65歳以上の約559万人が「軽度認知障害(MCI)」という実態

政府広報オンライン「知っておきたい認知症の基本」によると、2022年時点で65歳以上の高齢者約3603万人のうち、認知症と推計される人は約443万人(12.3%)、認知症の前段階とされる軽度認知障害(MCI)の人は約559万人(15.5%)となっています。

65歳以上の高齢者における認知症の現状

65歳以上の高齢者における認知症の現状
出所:政府広報オンライン「知っておきたい認知症の基本」

認知症とMCIを合わせると約1002万人となり、65歳以上のおよそ3人に1人が認知症またはMCIに該当すると推計されています。

長寿化が進む今、老後の備えは年金収入だけでは十分とはいえません。

将来の医療費や介護費も見据えながら、認知症などのリスクを踏まえた資産形成や生活設計を進めていくことが重要です。

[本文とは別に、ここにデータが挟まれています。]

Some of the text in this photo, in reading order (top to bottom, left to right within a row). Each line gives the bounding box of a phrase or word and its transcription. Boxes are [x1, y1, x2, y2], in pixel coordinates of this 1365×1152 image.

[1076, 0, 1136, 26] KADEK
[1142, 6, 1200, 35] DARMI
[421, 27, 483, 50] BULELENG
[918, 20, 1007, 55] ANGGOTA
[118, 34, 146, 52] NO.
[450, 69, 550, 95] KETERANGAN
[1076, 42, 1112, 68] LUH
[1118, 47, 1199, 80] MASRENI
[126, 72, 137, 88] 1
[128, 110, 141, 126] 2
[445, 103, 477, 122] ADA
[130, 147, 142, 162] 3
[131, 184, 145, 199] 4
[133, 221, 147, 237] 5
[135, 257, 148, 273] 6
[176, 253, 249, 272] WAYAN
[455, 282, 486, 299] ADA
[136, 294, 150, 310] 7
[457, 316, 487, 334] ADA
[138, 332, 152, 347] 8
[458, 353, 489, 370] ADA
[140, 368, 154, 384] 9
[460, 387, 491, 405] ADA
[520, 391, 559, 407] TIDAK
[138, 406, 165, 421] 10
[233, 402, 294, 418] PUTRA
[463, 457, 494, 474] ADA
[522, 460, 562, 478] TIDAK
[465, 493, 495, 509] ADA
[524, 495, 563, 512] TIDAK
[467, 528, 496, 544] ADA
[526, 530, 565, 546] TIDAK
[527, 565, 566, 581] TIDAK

【金融ジェロントロジー視点】認知機能の低下が招く「資産管理」のリスク

銀行の窓口でシニア世代のお客様やご家族から相談を受ける中で、近年特に増えていると感じたのが、「親の認知機能が低下し、介護費用を親の預金から引き出せなくなってしまった」というご相談です。

認知症や、その前段階とされるMCI(軽度認知障害)が進行し、ご本人の意思能力を十分に確認できないと金融機関が判断した場合、預金者本人の財産を守るため、預金の払い戻しや定期預金の解約などの手続きが制限されることがあります。

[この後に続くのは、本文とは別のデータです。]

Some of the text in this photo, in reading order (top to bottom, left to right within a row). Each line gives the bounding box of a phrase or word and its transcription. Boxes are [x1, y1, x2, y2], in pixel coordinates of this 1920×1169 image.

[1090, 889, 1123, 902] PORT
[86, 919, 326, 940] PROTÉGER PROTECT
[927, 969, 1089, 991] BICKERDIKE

その結果、介護施設の入居費用や医療費を支払いたくても、家族が自由に預金を引き出せず、対応に苦慮するケースも少なくありません。

記事でも紹介したように、65歳以上では認知症またはMCIに該当する方の割合は決して低くなく、誰にとっても身近なリスクになりつつあります。

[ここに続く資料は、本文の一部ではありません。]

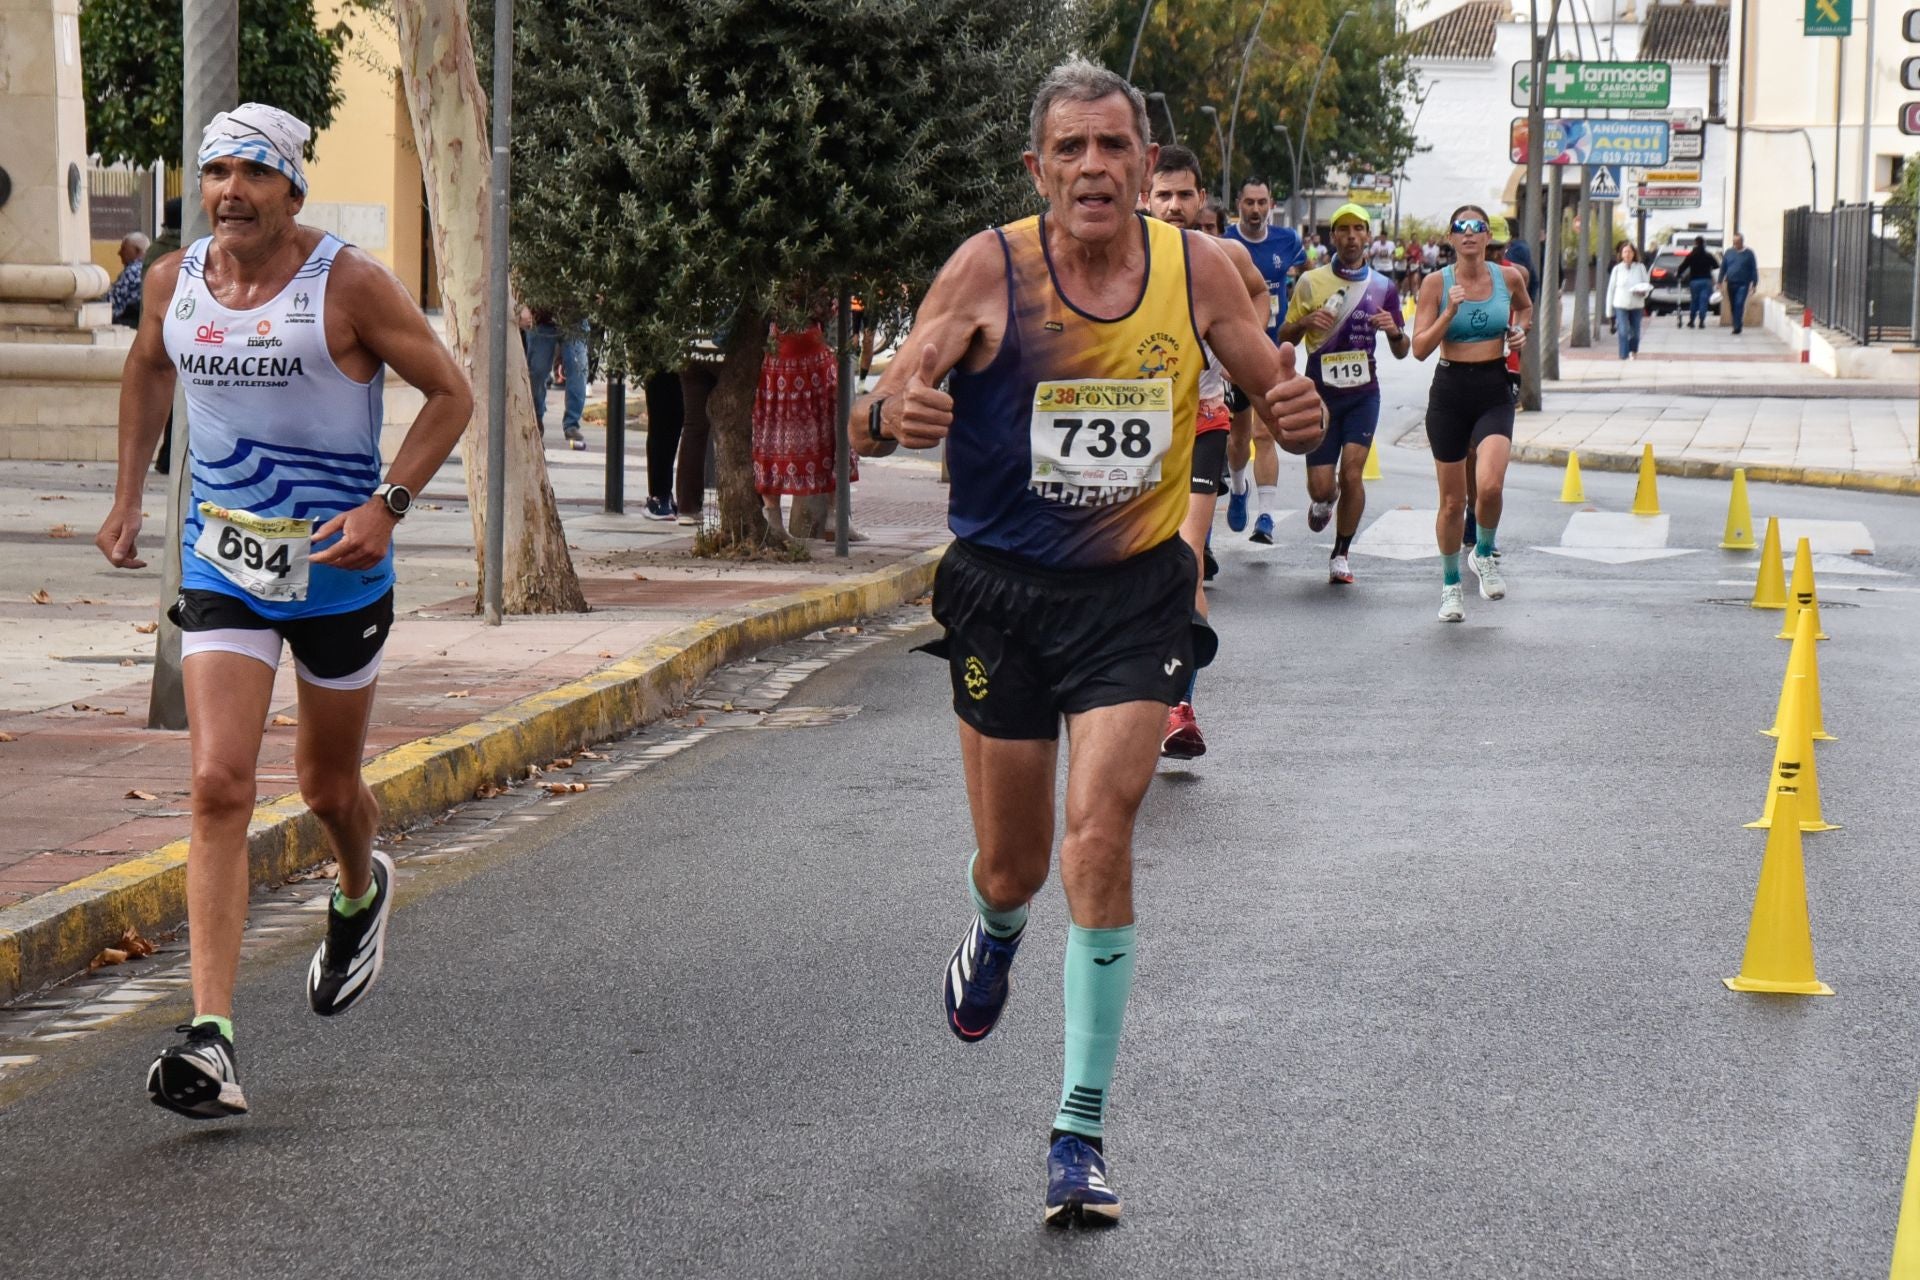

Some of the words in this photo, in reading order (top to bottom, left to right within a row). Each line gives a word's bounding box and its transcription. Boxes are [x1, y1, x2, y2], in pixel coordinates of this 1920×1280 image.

[1578, 64, 1666, 82] farmacia
[1593, 122, 1664, 135] ANÚNCIATE
[1595, 136, 1660, 151] AQUÍ
[247, 337, 283, 349] mayfo
[1137, 333, 1179, 356] ATLETISMO
[180, 353, 304, 377] MARACENA
[1329, 363, 1363, 379] 119
[192, 378, 214, 387] CLUB
[232, 380, 289, 388] ATLETISMO
[1055, 388, 1075, 404] 38
[1075, 392, 1146, 406] FONDO
[1053, 418, 1151, 458] 738
[217, 526, 291, 578] 694

だからこそ、老後の資産形成では「いくら貯めるか」「年金をいくら受け取るか」だけでなく、「将来、自分でお金を管理できなくなった場合にどう備えるか」という視点も欠かせません。

例えば、認知機能が十分に保たれているうちに、金融機関で代理人の登録が可能か確認しておく、任意後見制度や家族信託など、自分に合った財産管理の仕組みを検討しておくことも有効な選択肢です。

長寿化が進む今、資産を「増やす備え」だけでなく、「必要なときに使える備え」まで考えておくことが、安心した老後につながるでしょう。

年金額の把握に加え、長寿時代に備えた資産形成も大切

本記事では、現在のシニア世代の国民年金・厚生年金の受給額の実態について紹介しました。

厚生年金の平均受給額は月15万289円である一方、約5人に1人は月10万円未満の受給額となっており、年金額には大きな個人差があります。

また、国民年金のみを受給する人の平均月額は約6万円であり、老後の生活費を年金だけで賄うことは容易ではありません。

公的年金は老後の重要な収入源ですが、それだけに頼るのではなく、自分の年金見込み額を確認したうえで、医療費や介護費も見据えた資産形成や生活設計を進めることが、安心したセカンドライフにつながるでしょう。